Work required = The pictures are to be dropped, and the records below are to be restated word for word.
── Task data
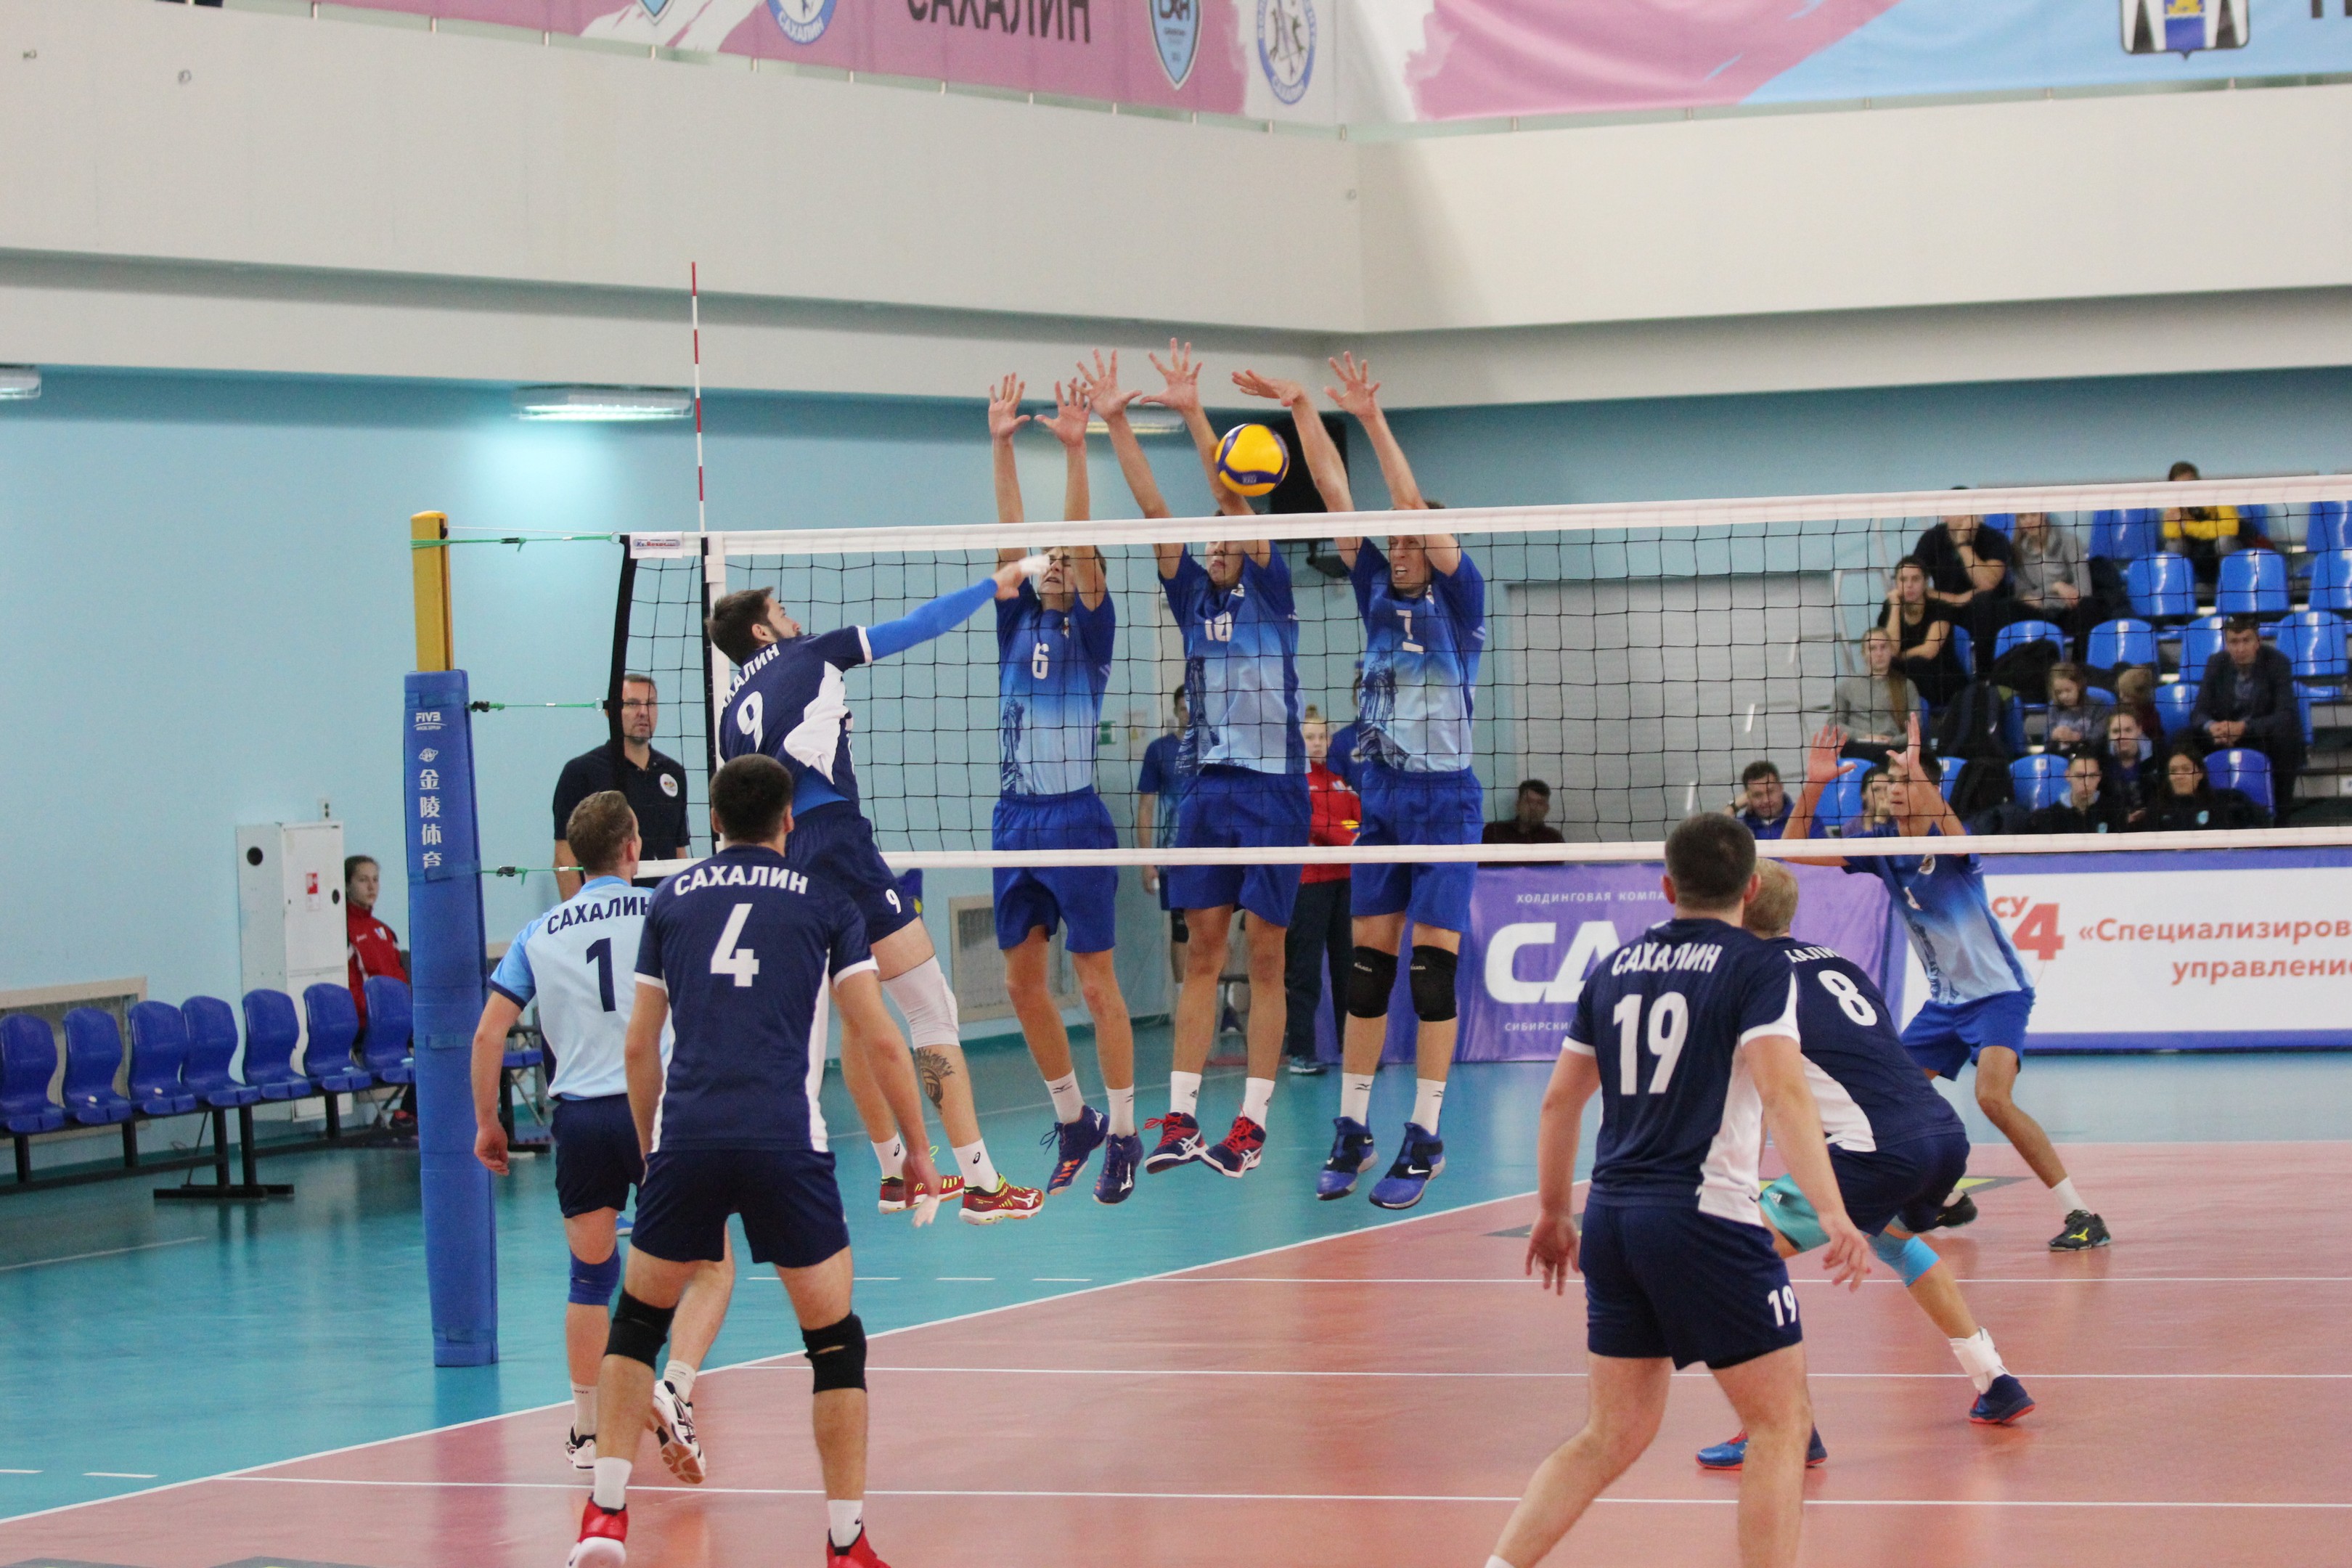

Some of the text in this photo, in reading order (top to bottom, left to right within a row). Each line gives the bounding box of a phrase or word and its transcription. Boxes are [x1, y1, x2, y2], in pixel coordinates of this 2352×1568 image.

[1032, 642, 1050, 679] 6
[415, 711, 441, 722] FIVB
[737, 690, 764, 753] 9
[420, 769, 442, 870] 金陵体育
[674, 865, 809, 896] САХАЛИН
[1516, 892, 1612, 905] ХОЛДИНГОВАЯ
[547, 896, 651, 934] САХАЛИН
[886, 889, 902, 914] 9
[1991, 896, 2030, 918] СУ
[709, 903, 759, 987] 4
[2012, 902, 2065, 960] 4
[2078, 918, 2352, 944] «Специализиров
[586, 937, 616, 1012] 1
[1612, 942, 1723, 976] САХАЛИН
[1818, 970, 1878, 1026] 8
[1505, 1022, 1572, 1032] СИБИРСКИ
[1613, 991, 1689, 1095] 19
[1768, 1285, 1797, 1327] 19
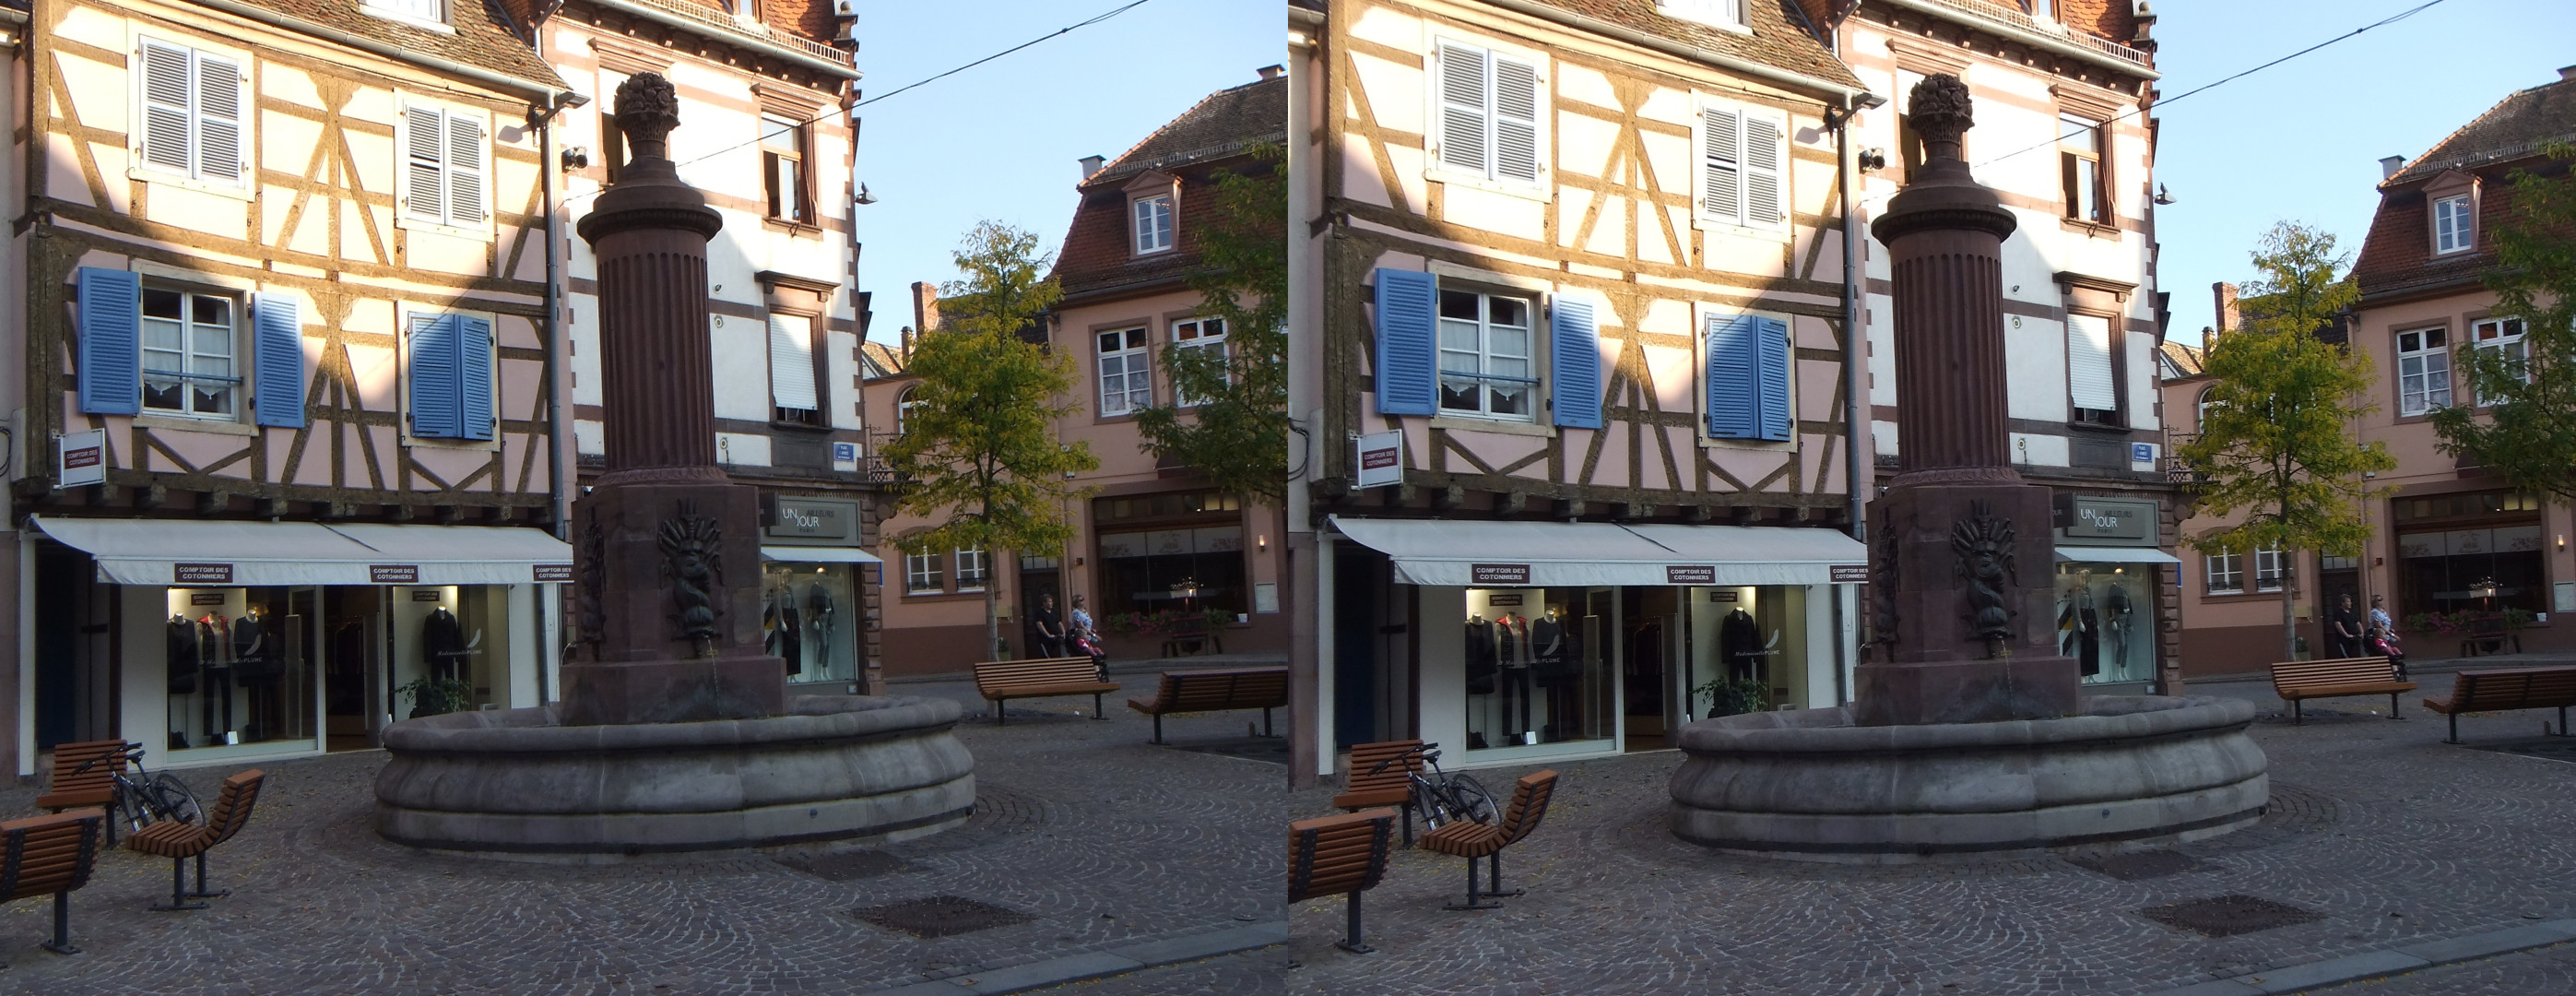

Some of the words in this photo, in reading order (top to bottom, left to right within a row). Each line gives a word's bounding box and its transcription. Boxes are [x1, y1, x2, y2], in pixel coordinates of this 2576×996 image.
────
Completed exercise =
Some of the text in this photo, in reading order (top to bottom, left to right within a row). Each line gives the bounding box of a phrase or word and its transcription. Boxes are [x1, y1, x2, y2], in pixel coordinates of this 2352×1568 image.

[1032, 642, 1050, 679] 6
[415, 711, 441, 722] FIVB
[737, 690, 764, 753] 9
[420, 769, 442, 870] 金陵体育
[674, 865, 809, 896] САХАЛИН
[1516, 892, 1612, 905] ХОЛДИНГОВАЯ
[547, 896, 651, 934] САХАЛИН
[886, 889, 902, 914] 9
[1991, 896, 2030, 918] СУ
[709, 903, 759, 987] 4
[2012, 902, 2065, 960] 4
[2078, 918, 2352, 944] «Специализиров
[586, 937, 616, 1012] 1
[1612, 942, 1723, 976] САХАЛИН
[1818, 970, 1878, 1026] 8
[1505, 1022, 1572, 1032] СИБИРСКИ
[1613, 991, 1689, 1095] 19
[1768, 1285, 1797, 1327] 19

Some of the words in this photo, in reading order (top to bottom, left to right within a row). Each line gives a word's bounding box and its transcription. Boxes are [x1, y1, x2, y2], in pixel coordinates of this 2576×996 image.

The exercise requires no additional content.